■ TASK DIRECTIONS:
In your answer, copy every entry that follows exactly.

(Stored items from a collection)
▼

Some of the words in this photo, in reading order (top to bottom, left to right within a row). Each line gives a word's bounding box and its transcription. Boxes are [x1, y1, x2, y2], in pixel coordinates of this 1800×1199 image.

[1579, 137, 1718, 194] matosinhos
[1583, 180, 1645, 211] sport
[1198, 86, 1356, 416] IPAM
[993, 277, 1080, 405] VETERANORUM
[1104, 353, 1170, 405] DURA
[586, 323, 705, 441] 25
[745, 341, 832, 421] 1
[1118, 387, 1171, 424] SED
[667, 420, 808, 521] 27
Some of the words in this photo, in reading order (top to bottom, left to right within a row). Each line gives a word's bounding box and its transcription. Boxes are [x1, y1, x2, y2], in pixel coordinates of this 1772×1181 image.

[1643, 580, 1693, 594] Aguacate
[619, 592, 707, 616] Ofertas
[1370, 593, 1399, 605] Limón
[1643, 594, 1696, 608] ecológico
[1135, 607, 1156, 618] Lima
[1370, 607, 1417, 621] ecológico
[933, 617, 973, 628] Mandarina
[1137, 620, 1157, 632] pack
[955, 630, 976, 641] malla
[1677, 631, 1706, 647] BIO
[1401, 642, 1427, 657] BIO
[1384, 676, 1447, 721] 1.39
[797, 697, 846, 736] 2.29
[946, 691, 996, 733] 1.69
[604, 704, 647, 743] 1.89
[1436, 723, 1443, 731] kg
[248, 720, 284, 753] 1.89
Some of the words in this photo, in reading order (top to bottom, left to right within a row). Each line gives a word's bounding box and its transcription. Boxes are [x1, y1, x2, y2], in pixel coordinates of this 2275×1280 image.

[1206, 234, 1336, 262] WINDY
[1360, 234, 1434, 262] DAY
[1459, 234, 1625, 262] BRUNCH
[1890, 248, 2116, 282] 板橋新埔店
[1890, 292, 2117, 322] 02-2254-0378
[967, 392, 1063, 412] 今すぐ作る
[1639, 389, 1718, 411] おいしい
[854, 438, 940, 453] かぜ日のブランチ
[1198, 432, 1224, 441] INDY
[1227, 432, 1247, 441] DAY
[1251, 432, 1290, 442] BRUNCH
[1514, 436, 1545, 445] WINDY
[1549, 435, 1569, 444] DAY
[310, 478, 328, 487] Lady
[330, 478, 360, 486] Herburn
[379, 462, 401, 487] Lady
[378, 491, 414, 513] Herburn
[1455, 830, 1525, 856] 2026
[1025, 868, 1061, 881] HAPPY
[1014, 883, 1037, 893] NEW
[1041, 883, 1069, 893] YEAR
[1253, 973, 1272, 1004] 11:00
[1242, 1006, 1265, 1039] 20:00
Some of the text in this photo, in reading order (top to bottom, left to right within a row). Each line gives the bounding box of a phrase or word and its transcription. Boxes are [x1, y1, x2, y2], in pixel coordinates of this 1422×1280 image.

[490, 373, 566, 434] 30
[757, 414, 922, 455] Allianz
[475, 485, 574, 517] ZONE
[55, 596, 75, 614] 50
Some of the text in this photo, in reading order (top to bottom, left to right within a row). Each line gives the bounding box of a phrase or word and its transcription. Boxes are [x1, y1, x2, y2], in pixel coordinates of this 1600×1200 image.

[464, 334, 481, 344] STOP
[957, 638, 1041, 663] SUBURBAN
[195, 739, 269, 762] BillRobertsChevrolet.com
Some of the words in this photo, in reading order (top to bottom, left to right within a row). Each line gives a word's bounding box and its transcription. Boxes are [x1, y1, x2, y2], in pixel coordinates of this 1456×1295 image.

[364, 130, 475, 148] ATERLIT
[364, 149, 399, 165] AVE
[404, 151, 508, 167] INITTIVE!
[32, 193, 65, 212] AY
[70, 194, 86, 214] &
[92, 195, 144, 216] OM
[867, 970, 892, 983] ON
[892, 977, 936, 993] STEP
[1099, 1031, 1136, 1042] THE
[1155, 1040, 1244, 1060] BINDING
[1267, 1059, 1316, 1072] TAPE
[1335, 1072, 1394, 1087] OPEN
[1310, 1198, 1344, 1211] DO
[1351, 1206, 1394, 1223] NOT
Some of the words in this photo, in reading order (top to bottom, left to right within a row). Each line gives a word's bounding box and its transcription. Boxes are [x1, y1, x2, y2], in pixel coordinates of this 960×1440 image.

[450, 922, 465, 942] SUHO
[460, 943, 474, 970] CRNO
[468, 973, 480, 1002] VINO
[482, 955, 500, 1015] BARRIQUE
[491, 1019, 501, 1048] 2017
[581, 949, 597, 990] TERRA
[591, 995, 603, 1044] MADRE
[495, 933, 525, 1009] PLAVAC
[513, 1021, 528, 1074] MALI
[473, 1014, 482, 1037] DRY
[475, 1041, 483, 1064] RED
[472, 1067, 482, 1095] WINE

▲

■ YOUR SOLUTION:
Some of the words in this photo, in reading order (top to bottom, left to right within a row). Each line gives a word's bounding box and its transcription. Boxes are [x1, y1, x2, y2], in pixel coordinates of this 1800×1199 image.

[1579, 137, 1718, 194] matosinhos
[1583, 180, 1645, 211] sport
[1198, 86, 1356, 416] IPAM
[993, 277, 1080, 405] VETERANORUM
[1104, 353, 1170, 405] DURA
[586, 323, 705, 441] 25
[745, 341, 832, 421] 1
[1118, 387, 1171, 424] SED
[667, 420, 808, 521] 27
Some of the words in this photo, in reading order (top to bottom, left to right within a row). Each line gives a word's bounding box and its transcription. Boxes are [x1, y1, x2, y2], in pixel coordinates of this 1772×1181 image.

[1643, 580, 1693, 594] Aguacate
[619, 592, 707, 616] Ofertas
[1370, 593, 1399, 605] Limón
[1643, 594, 1696, 608] ecológico
[1135, 607, 1156, 618] Lima
[1370, 607, 1417, 621] ecológico
[933, 617, 973, 628] Mandarina
[1137, 620, 1157, 632] pack
[955, 630, 976, 641] malla
[1677, 631, 1706, 647] BIO
[1401, 642, 1427, 657] BIO
[1384, 676, 1447, 721] 1.39
[797, 697, 846, 736] 2.29
[946, 691, 996, 733] 1.69
[604, 704, 647, 743] 1.89
[1436, 723, 1443, 731] kg
[248, 720, 284, 753] 1.89
Some of the words in this photo, in reading order (top to bottom, left to right within a row). Each line gives a word's bounding box and its transcription. Boxes are [x1, y1, x2, y2], in pixel coordinates of this 2275×1280 image.

[1206, 234, 1336, 262] WINDY
[1360, 234, 1434, 262] DAY
[1459, 234, 1625, 262] BRUNCH
[1890, 248, 2116, 282] 板橋新埔店
[1890, 292, 2117, 322] 02-2254-0378
[967, 392, 1063, 412] 今すぐ作る
[1639, 389, 1718, 411] おいしい
[854, 438, 940, 453] かぜ日のブランチ
[1198, 432, 1224, 441] INDY
[1227, 432, 1247, 441] DAY
[1251, 432, 1290, 442] BRUNCH
[1514, 436, 1545, 445] WINDY
[1549, 435, 1569, 444] DAY
[310, 478, 328, 487] Lady
[330, 478, 360, 486] Herburn
[379, 462, 401, 487] Lady
[378, 491, 414, 513] Herburn
[1455, 830, 1525, 856] 2026
[1025, 868, 1061, 881] HAPPY
[1014, 883, 1037, 893] NEW
[1041, 883, 1069, 893] YEAR
[1253, 973, 1272, 1004] 11:00
[1242, 1006, 1265, 1039] 20:00
Some of the text in this photo, in reading order (top to bottom, left to right within a row). Each line gives the bounding box of a phrase or word and its transcription. Boxes are [x1, y1, x2, y2], in pixel coordinates of this 1422×1280 image.

[490, 373, 566, 434] 30
[757, 414, 922, 455] Allianz
[475, 485, 574, 517] ZONE
[55, 596, 75, 614] 50
Some of the text in this photo, in reading order (top to bottom, left to right within a row). Each line gives the bounding box of a phrase or word and its transcription. Boxes are [x1, y1, x2, y2], in pixel coordinates of this 1600×1200 image.

[464, 334, 481, 344] STOP
[957, 638, 1041, 663] SUBURBAN
[195, 739, 269, 762] BillRobertsChevrolet.com
Some of the words in this photo, in reading order (top to bottom, left to right within a row). Each line gives a word's bounding box and its transcription. Boxes are [x1, y1, x2, y2], in pixel coordinates of this 1456×1295 image.

[364, 130, 475, 148] ATERLIT
[364, 149, 399, 165] AVE
[404, 151, 508, 167] INITTIVE!
[32, 193, 65, 212] AY
[70, 194, 86, 214] &
[92, 195, 144, 216] OM
[867, 970, 892, 983] ON
[892, 977, 936, 993] STEP
[1099, 1031, 1136, 1042] THE
[1155, 1040, 1244, 1060] BINDING
[1267, 1059, 1316, 1072] TAPE
[1335, 1072, 1394, 1087] OPEN
[1310, 1198, 1344, 1211] DO
[1351, 1206, 1394, 1223] NOT
Some of the words in this photo, in reading order (top to bottom, left to right within a row). Each line gives a word's bounding box and its transcription. Boxes are [x1, y1, x2, y2], in pixel coordinates of this 960×1440 image.

[450, 922, 465, 942] SUHO
[460, 943, 474, 970] CRNO
[468, 973, 480, 1002] VINO
[482, 955, 500, 1015] BARRIQUE
[491, 1019, 501, 1048] 2017
[581, 949, 597, 990] TERRA
[591, 995, 603, 1044] MADRE
[495, 933, 525, 1009] PLAVAC
[513, 1021, 528, 1074] MALI
[473, 1014, 482, 1037] DRY
[475, 1041, 483, 1064] RED
[472, 1067, 482, 1095] WINE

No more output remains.